*** Opening of RECORDED DATA ***

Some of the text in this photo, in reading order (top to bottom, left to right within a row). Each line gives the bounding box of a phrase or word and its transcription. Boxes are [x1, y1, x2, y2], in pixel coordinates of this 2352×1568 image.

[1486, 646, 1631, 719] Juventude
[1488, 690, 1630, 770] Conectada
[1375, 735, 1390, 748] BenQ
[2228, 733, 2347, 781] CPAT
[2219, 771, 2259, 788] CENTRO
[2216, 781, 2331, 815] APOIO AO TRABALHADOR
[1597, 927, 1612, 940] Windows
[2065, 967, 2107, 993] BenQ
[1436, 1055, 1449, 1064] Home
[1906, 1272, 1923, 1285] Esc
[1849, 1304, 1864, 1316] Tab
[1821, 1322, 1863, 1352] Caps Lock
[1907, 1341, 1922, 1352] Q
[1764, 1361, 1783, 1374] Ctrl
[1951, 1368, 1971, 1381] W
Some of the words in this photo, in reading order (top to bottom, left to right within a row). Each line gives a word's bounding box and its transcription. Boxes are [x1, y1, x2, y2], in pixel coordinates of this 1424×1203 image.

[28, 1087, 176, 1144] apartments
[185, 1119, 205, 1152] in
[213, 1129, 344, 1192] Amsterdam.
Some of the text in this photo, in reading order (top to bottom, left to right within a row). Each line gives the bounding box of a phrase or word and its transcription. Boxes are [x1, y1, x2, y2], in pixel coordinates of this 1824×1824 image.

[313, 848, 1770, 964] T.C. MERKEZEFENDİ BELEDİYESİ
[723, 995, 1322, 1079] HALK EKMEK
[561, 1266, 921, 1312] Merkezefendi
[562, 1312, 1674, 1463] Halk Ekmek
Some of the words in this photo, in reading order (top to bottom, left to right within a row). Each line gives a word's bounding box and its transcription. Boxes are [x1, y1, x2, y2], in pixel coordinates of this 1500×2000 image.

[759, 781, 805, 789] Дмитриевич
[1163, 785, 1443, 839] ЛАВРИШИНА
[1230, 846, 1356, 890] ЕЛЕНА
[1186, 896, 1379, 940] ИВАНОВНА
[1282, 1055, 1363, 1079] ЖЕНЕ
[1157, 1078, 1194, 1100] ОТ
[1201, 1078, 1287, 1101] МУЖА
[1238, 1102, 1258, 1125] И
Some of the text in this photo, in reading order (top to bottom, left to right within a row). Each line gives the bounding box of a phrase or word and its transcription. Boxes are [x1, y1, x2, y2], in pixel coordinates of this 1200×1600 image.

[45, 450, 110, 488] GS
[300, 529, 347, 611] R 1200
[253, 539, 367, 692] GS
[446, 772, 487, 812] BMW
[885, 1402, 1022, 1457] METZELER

*** Close of RECORDED DATA ***

**TASK DIRECTIONS:** Reproduce every entry above without a single alteration.

**RESULT OF THE EXERCISE:**
Some of the text in this photo, in reading order (top to bottom, left to right within a row). Each line gives the bounding box of a phrase or word and its transcription. Boxes are [x1, y1, x2, y2], in pixel coordinates of this 2352×1568 image.

[1486, 646, 1631, 719] Juventude
[1488, 690, 1630, 770] Conectada
[1375, 735, 1390, 748] BenQ
[2228, 733, 2347, 781] CPAT
[2219, 771, 2259, 788] CENTRO
[2216, 781, 2331, 815] APOIO AO TRABALHADOR
[1597, 927, 1612, 940] Windows
[2065, 967, 2107, 993] BenQ
[1436, 1055, 1449, 1064] Home
[1906, 1272, 1923, 1285] Esc
[1849, 1304, 1864, 1316] Tab
[1821, 1322, 1863, 1352] Caps Lock
[1907, 1341, 1922, 1352] Q
[1764, 1361, 1783, 1374] Ctrl
[1951, 1368, 1971, 1381] W
Some of the words in this photo, in reading order (top to bottom, left to right within a row). Each line gives a word's bounding box and its transcription. Boxes are [x1, y1, x2, y2], in pixel coordinates of this 1424×1203 image.

[28, 1087, 176, 1144] apartments
[185, 1119, 205, 1152] in
[213, 1129, 344, 1192] Amsterdam.
Some of the text in this photo, in reading order (top to bottom, left to right within a row). Each line gives the bounding box of a phrase or word and its transcription. Boxes are [x1, y1, x2, y2], in pixel coordinates of this 1824×1824 image.

[313, 848, 1770, 964] T.C. MERKEZEFENDİ BELEDİYESİ
[723, 995, 1322, 1079] HALK EKMEK
[561, 1266, 921, 1312] Merkezefendi
[562, 1312, 1674, 1463] Halk Ekmek
Some of the words in this photo, in reading order (top to bottom, left to right within a row). Each line gives a word's bounding box and its transcription. Boxes are [x1, y1, x2, y2], in pixel coordinates of this 1500×2000 image.

[759, 781, 805, 789] Дмитриевич
[1163, 785, 1443, 839] ЛАВРИШИНА
[1230, 846, 1356, 890] ЕЛЕНА
[1186, 896, 1379, 940] ИВАНОВНА
[1282, 1055, 1363, 1079] ЖЕНЕ
[1157, 1078, 1194, 1100] ОТ
[1201, 1078, 1287, 1101] МУЖА
[1238, 1102, 1258, 1125] И
Some of the text in this photo, in reading order (top to bottom, left to right within a row). Each line gives the bounding box of a phrase or word and its transcription. Boxes are [x1, y1, x2, y2], in pixel coordinates of this 1200×1600 image.

[45, 450, 110, 488] GS
[300, 529, 347, 611] R 1200
[253, 539, 367, 692] GS
[446, 772, 487, 812] BMW
[885, 1402, 1022, 1457] METZELER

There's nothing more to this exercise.